Researchers in the UK conducted a randomized trial to determine if the vasoconstrictor vasopressin was superior to the vasoconstrictor norepinephrine in patients with sepsis – an only modestly tortured acronym makes this the VANISH trial. If you remember your physiology, much of the disastrous consequences of sepsis are due to hypotension. To date, norepinephrine has served well as our first line agent to raise blood pressure in septic patients once IV fluids have failed.
But emerging evidence has suggested that vasopressin, which operates on a different receptor than norepinephrine might be particularly beneficial in septic patients, and might even increase perfusion to the poor kidneys. In short, could vasopressin be the silver bullet to prevent AKI in this population?
The researchers randomized 421 patients with sepsis who needed a pressor agent to either norepinephrine or vasopressin.
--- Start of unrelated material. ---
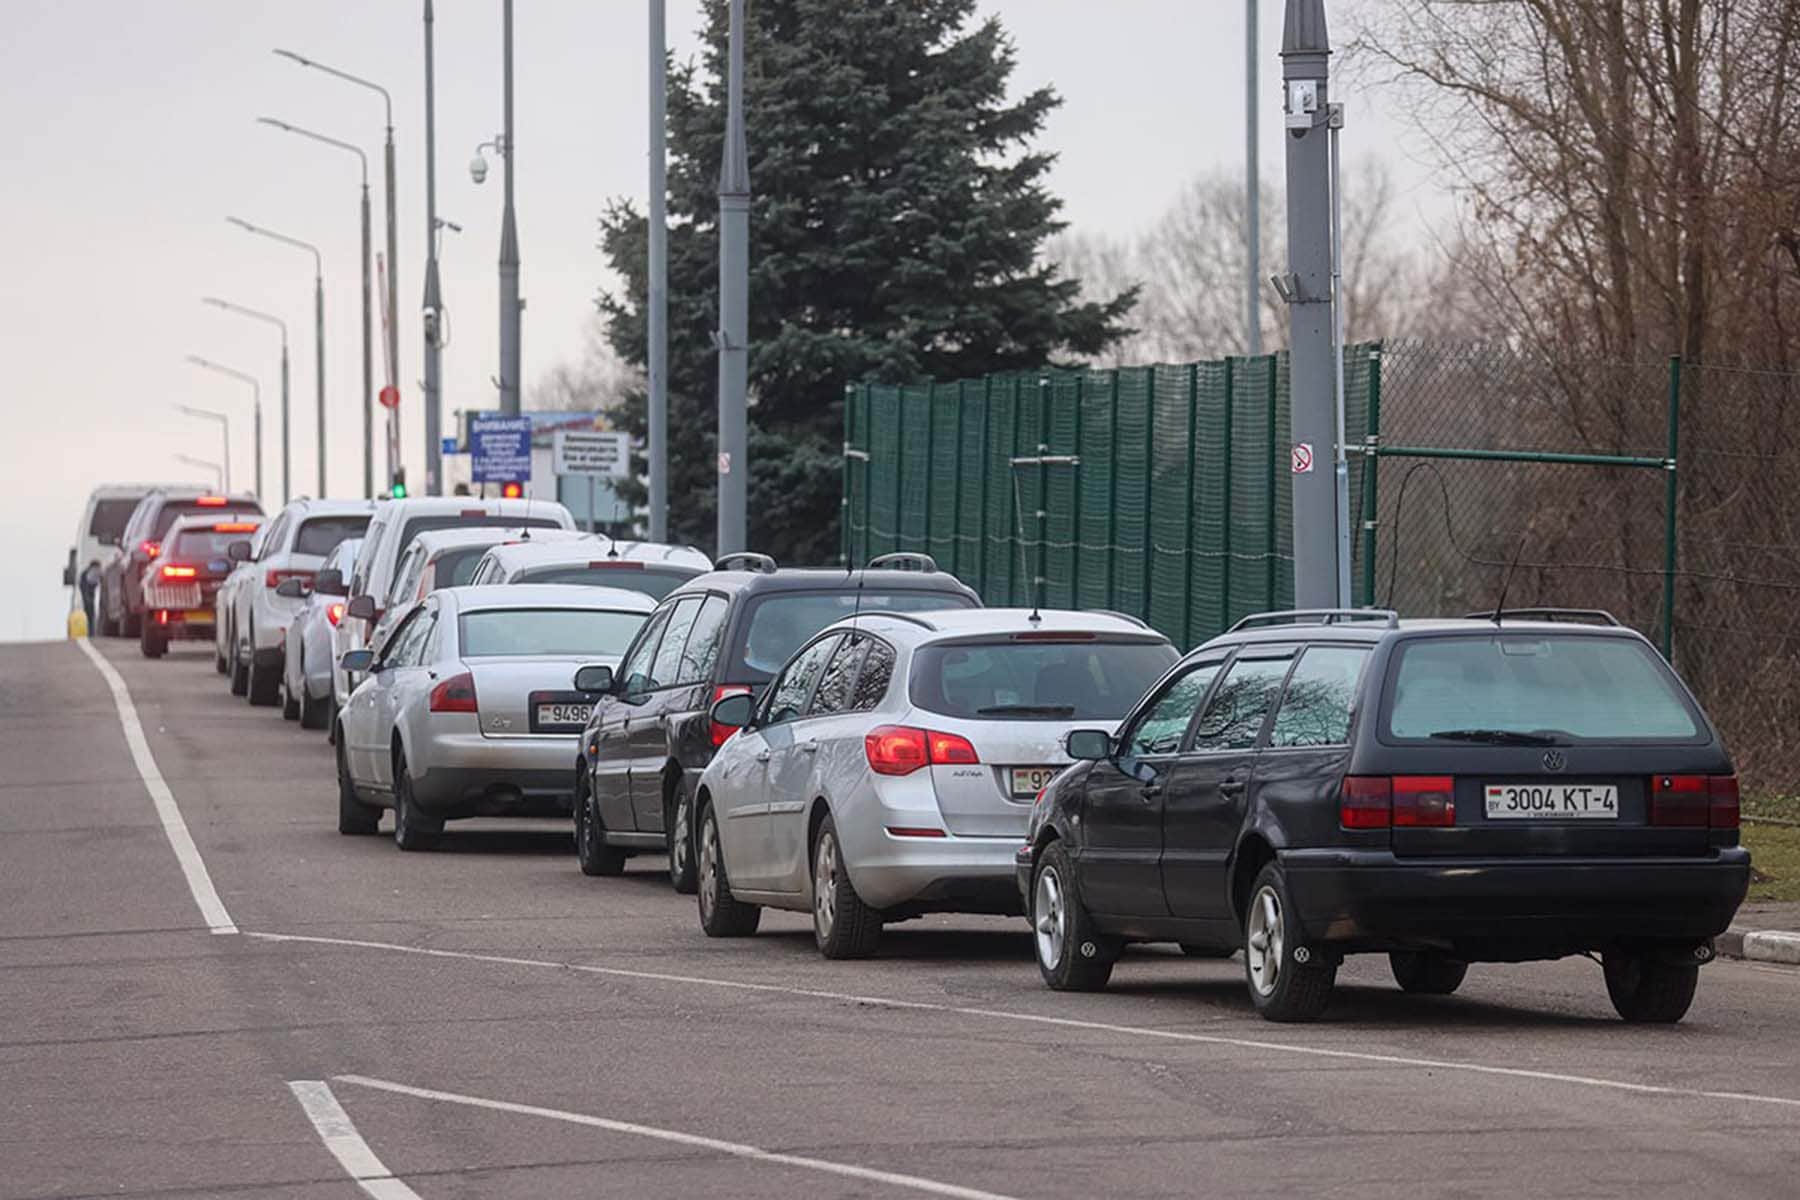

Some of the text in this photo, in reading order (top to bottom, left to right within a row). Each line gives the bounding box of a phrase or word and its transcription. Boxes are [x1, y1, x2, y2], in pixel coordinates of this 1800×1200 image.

[553, 706, 590, 721] 9496
[1506, 788, 1615, 811] 3004 KT-4
The primary outcome was the number of days in the next month they would be free of renal failure. And the results? Bupkis. Like all the AKI studies before it, this one showed no difference between the groups.
But let’s grasp at some straws. If you look at the number of patients who required dialysis, there was a significant difference: 25% in the vasopressin group, 35% in the norepinephrine group. And dialysis is a real outcome, not just some biochemical measure – this is something that would actually matter to patients.
Yes, of course, this was one of many secondary analyses, and the statistics weren’t adjusted for multiple comparisons. But when you’re on a life raft, even a light drizzle can be refreshing.
I’d be remiss not to point out a significant problem with the study: by the time the researchers got to the patients, more than 80% were already receiving a pressor – mostly norepinephrine. We were supposed to be testing what pressor is the best to start first when a patient crashes – but issues with getting randomized study drug to the patient in a timely fashion across multiple centers precluded this possibility. There may be some room for improvement if we want to invest in another VANISH trial, perhaps focusing on the dialysis outcome.
Final analysis? This study shouldn’t change practice. I mean, it’s a negative study. But hope is alive, folks. And hope, thy name just might be vasopressin.